Translate

Selasa, 24 September 2024

Babad Tanah Jawi (6): Negeri Pajajaran takluk, Radèn Susuruh tetap menjadi raja di Majapait sampai keturunannya

 Sementara itu di Galuh, Raden Arya Bangah yang tak lain adalah saudara tua Raden Sesuruh mendapat serangan dari raja Pajajaran. Arya Banyakwidhe mengerahkan pasukan mengobrak-barik Galuh. Seisi kota telah dijarah dan para warganya dibawa ke Pajajaran. Arya Bangah melarikan diri ke arah timur. Sangat mengenaskan keadaan Arya Bangah yang melarikan diri dari Galuh. Arya Bangah lalu menuju ke Majapahit. Sesampai di Majapahit Arya Bangah bertemu dengan sang adik Raden Sesuruh. Keduanya berangkulan melepas rindu.

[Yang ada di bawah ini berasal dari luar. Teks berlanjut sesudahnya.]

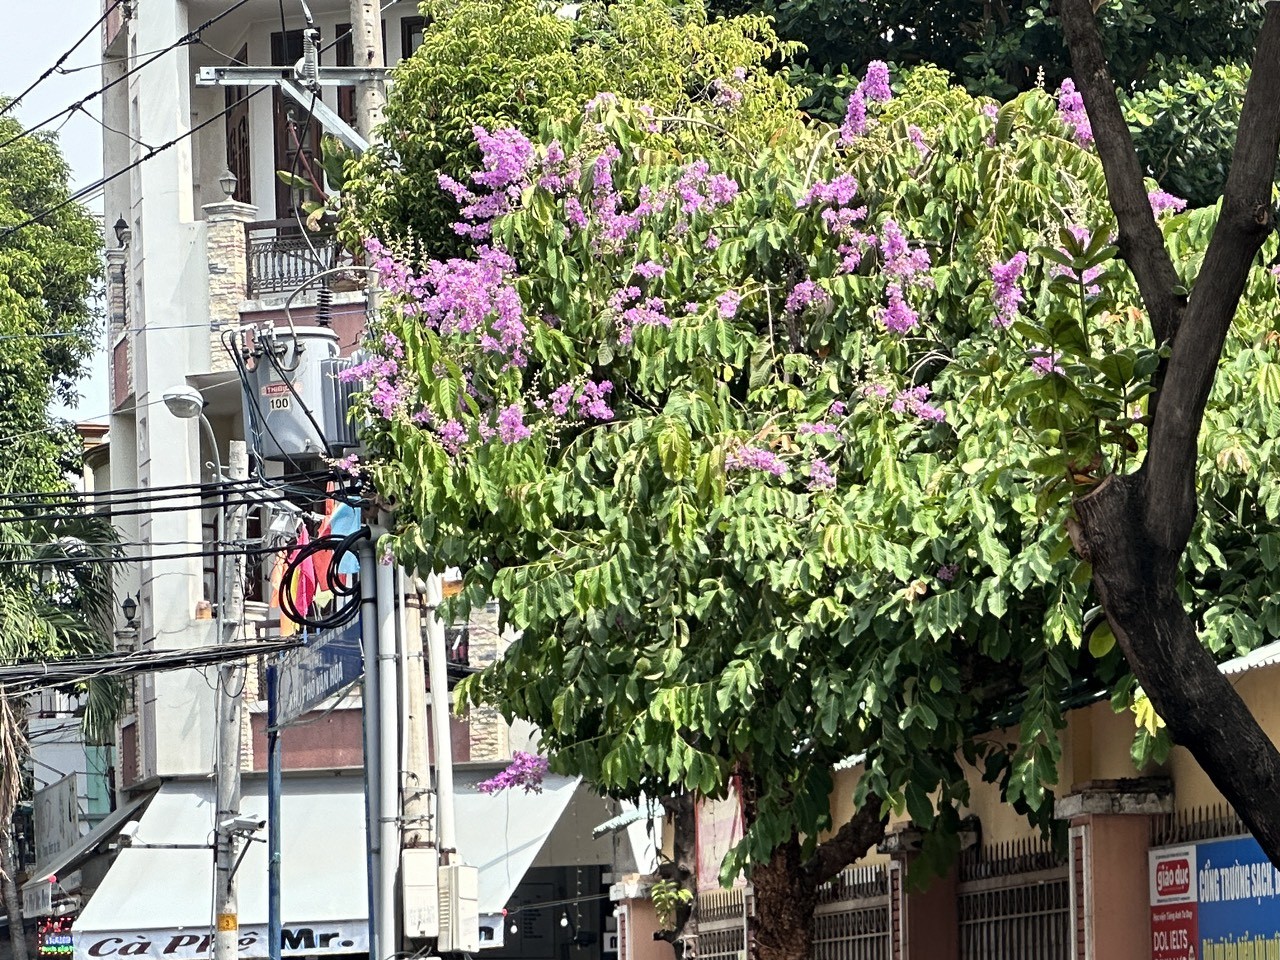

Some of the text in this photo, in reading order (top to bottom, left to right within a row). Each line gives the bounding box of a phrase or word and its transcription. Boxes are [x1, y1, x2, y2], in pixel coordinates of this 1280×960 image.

[271, 398, 288, 409] 100
[1157, 864, 1188, 891] giáo dục
[1199, 859, 1219, 903] CỔNG
[1220, 859, 1251, 901] TRƯỜNG
[1251, 861, 1274, 906] SẠCH,
[88, 935, 152, 957] Cà
[281, 928, 354, 950] Mr.
[1154, 929, 1188, 951] DOL IELTS

Raden Sesuruh berkata, “Mengapa kanda datang sendirian? Apa yang terjadi?”

Arya Bangah mejawab sambil menangis, “Dinda, negeri Galuh sudah ditaklukkan Siyung Wanara. Semua diboyong ke Pajajaran. Diriku ini andai tertangkap sudah pasti juga dibunuh. Menurut berita Siyung Wanara juga akan menyerang Majapahit di musim kemarau besok ini. Sebelum kedahuluan sebaiknya dinda menyerang terlebih dahulu.”

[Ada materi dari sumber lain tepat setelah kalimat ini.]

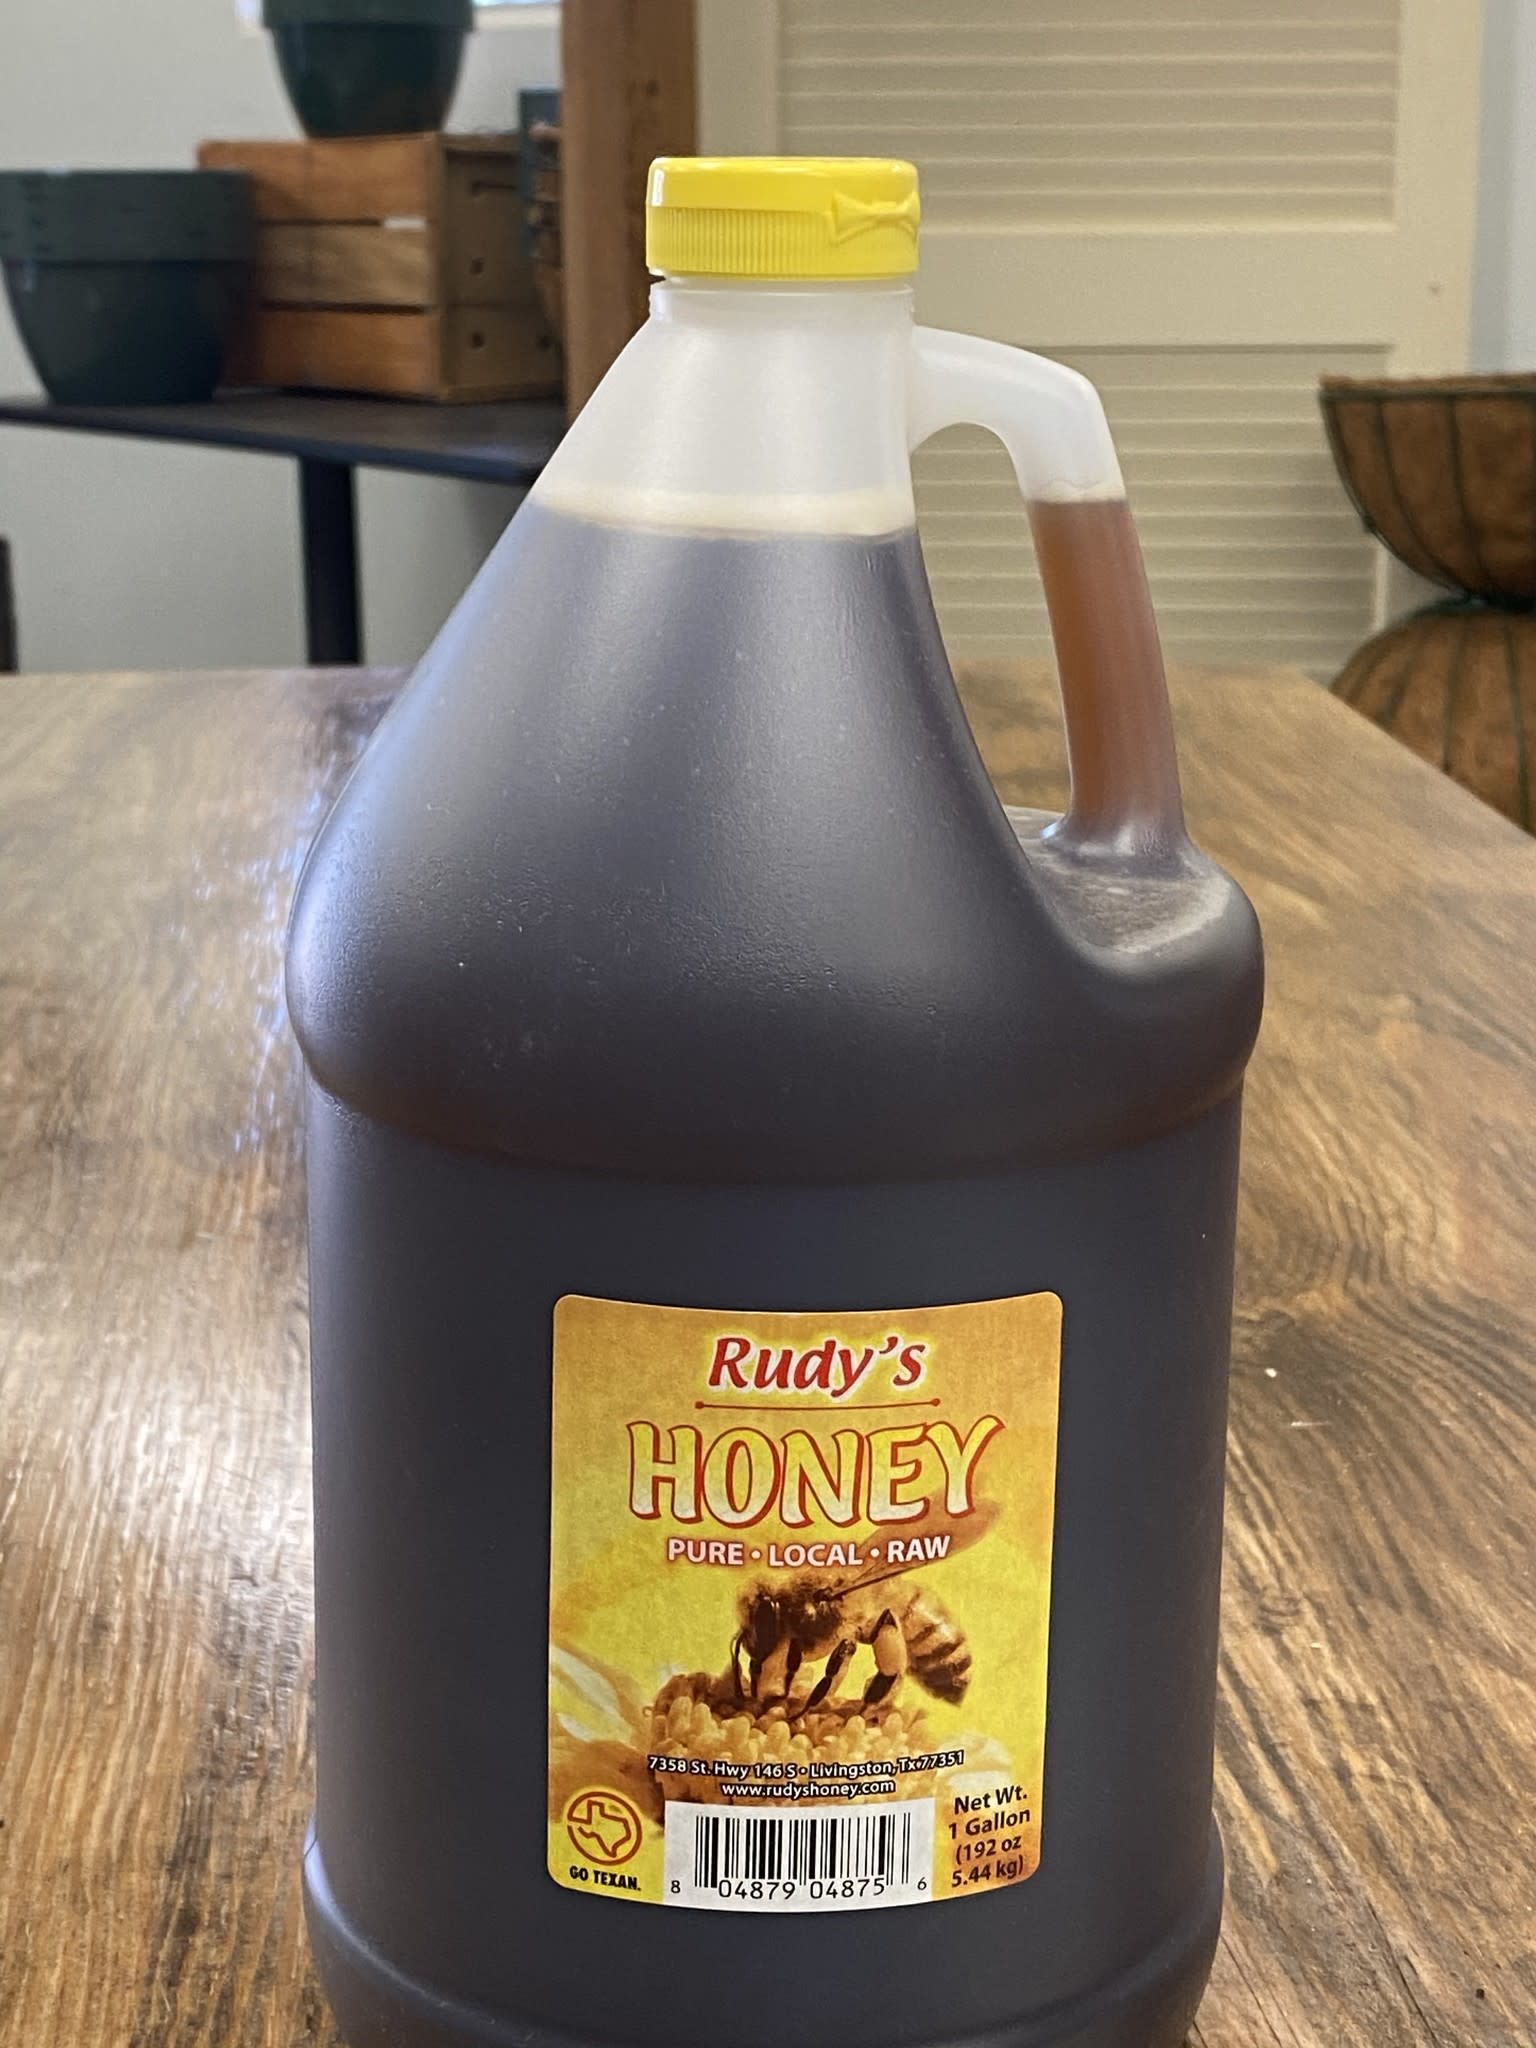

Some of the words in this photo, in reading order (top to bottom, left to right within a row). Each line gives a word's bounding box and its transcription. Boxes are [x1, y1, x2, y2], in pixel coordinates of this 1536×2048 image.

Raden Sesuruh sangat kasihan melihat nasib sang kakak. Segera memanggil ketiga pamannya.

Raden Sesuruh berkata, “Paman Nambi, Paman Wiro dan Paman Bandar. Kumpulkan seluruh pasukan Majapahit. Kita rebut kembali Pajajaran.”

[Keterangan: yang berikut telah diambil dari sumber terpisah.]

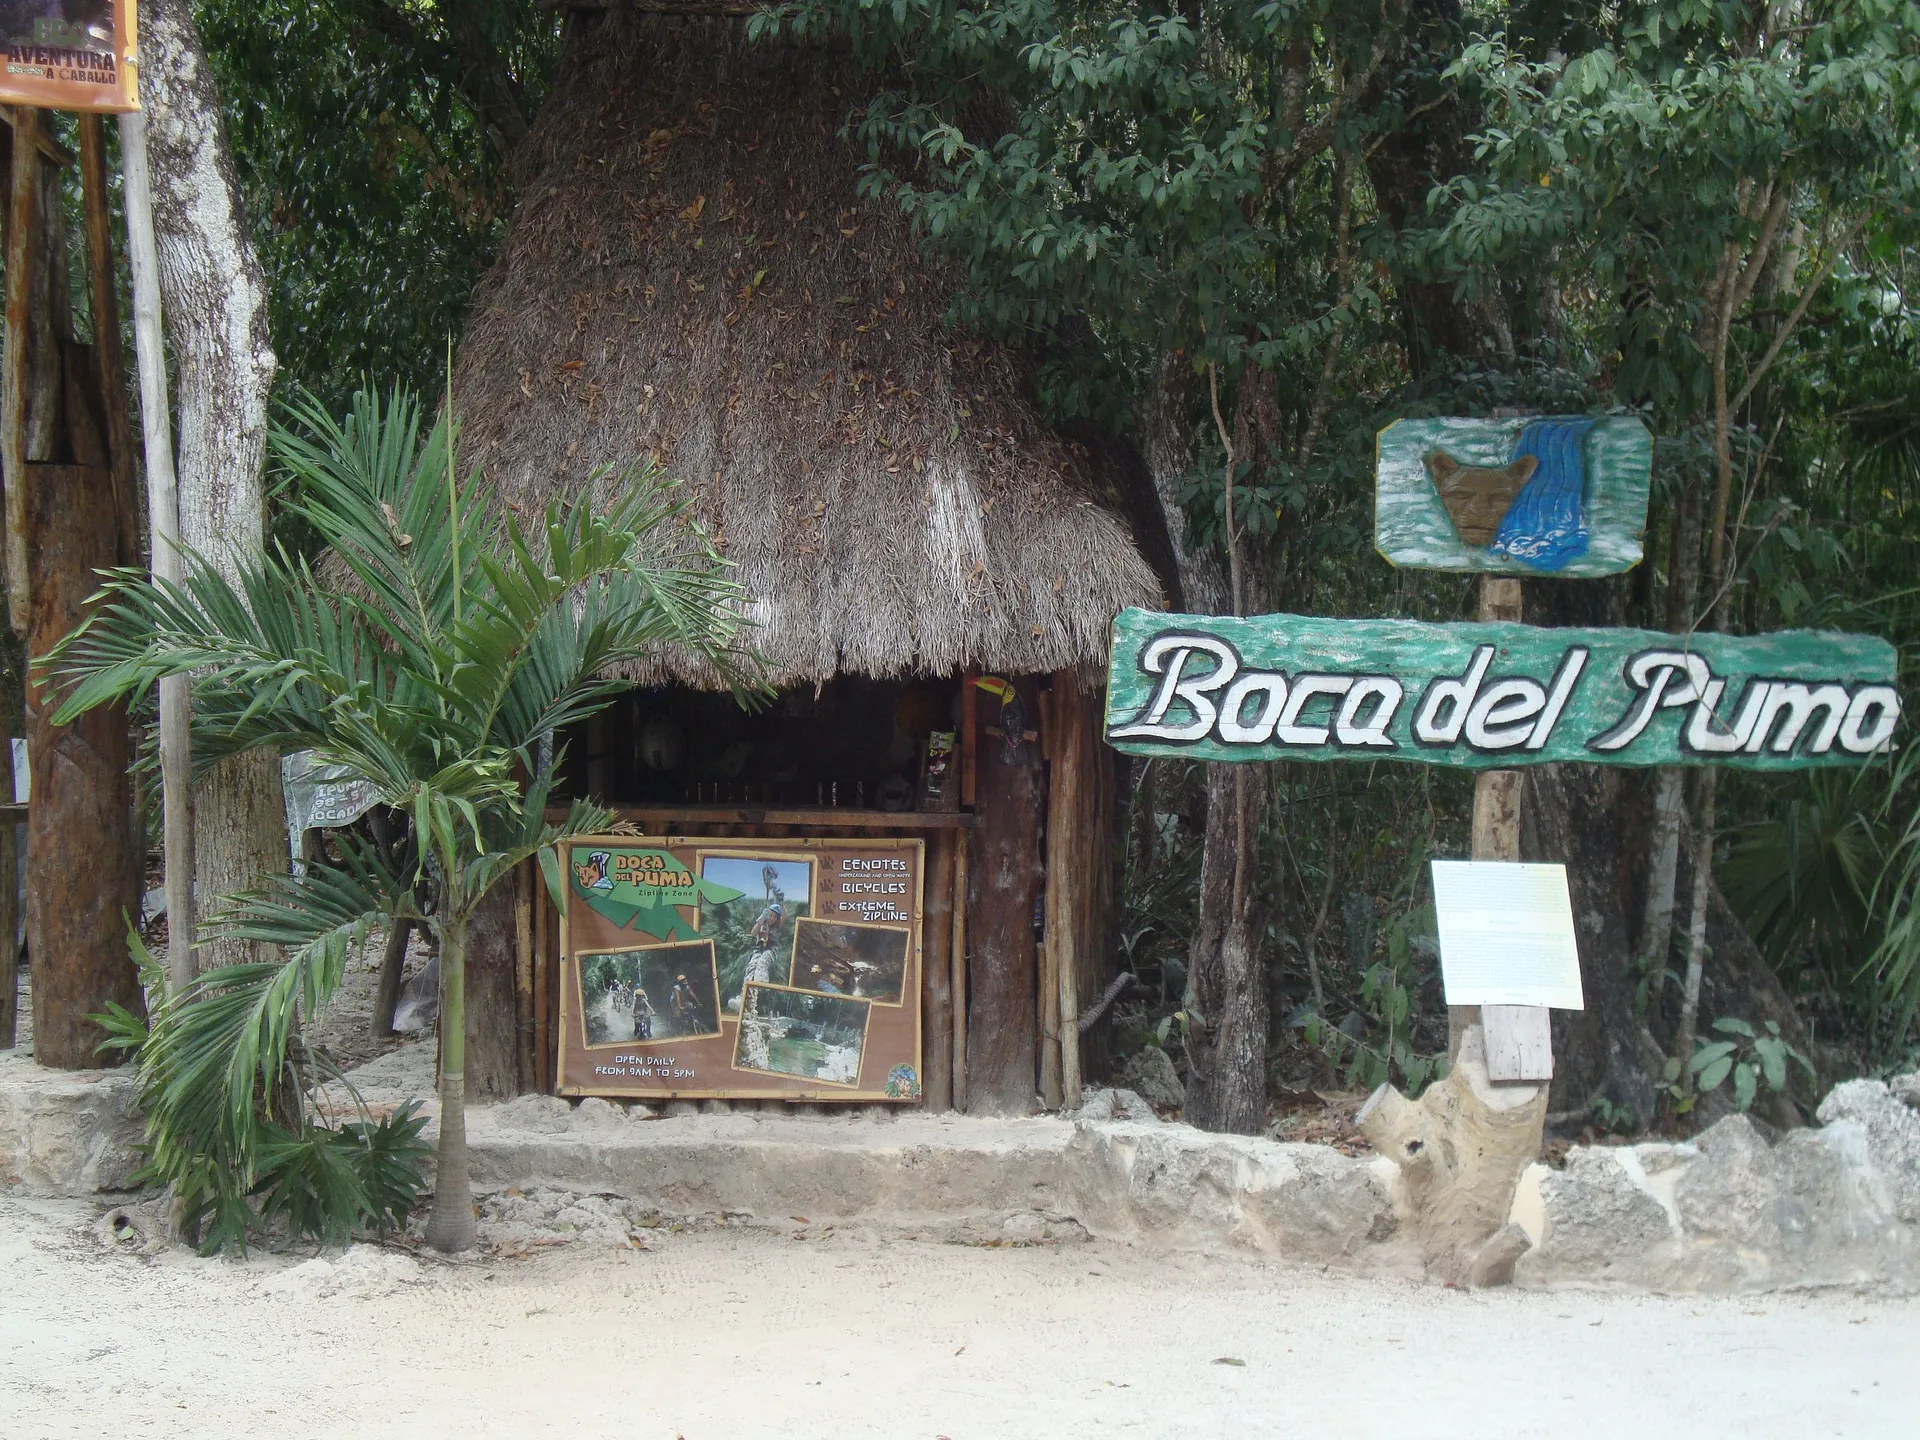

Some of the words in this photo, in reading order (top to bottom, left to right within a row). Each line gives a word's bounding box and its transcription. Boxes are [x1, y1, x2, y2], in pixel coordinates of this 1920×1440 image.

[7, 45, 115, 71] AVENTURA
[46, 67, 55, 79] A
[59, 69, 116, 85] CABALLO
[1108, 632, 1398, 746] Boca
[1413, 645, 1588, 750] del
[1588, 650, 1902, 753] Puma
[615, 855, 666, 869] BOCA
[842, 859, 907, 871] CENOTES
[614, 873, 632, 881] DEL
[632, 870, 695, 887] PUMA
[638, 889, 669, 897] Zipline
[842, 882, 906, 894] BICYCLES
[839, 901, 896, 912] EXTREME
[862, 911, 909, 921] ZIPLINE
[615, 1055, 643, 1065] OPEN
[647, 1056, 675, 1066] DAILY
[594, 1066, 626, 1076] FROM
[629, 1067, 652, 1077] 9AM
[656, 1068, 670, 1077] TO
[674, 1069, 696, 1078] 5PM

Singkat cerita, pasukan Majapahit sudah berhasil merebut kembali Pajajaran. Prabu Banyakwidhe berhasil diusir. Negeri Pajajaran dijarah dan penduduknya dibawa ke Majapahit. Ada tiga ribu orang yang dibawa. Jumlah itu menambah penduduk Majapahit menjadi seratus tujuh puluh ribu orang. Majapahit kini menjadi negeri besar.

Kini tanah Jawa tanpa seorang raja. Kyai Wira, Kyai Nambi dan Kyai Bandar menyarankan agar Raden Sesuruh berdiri sebagai raja di tanah Jawa berkedudukan di Majapahit.

Raden Sesuruh berkata, “Baiklah, aku ikut saran kalian.”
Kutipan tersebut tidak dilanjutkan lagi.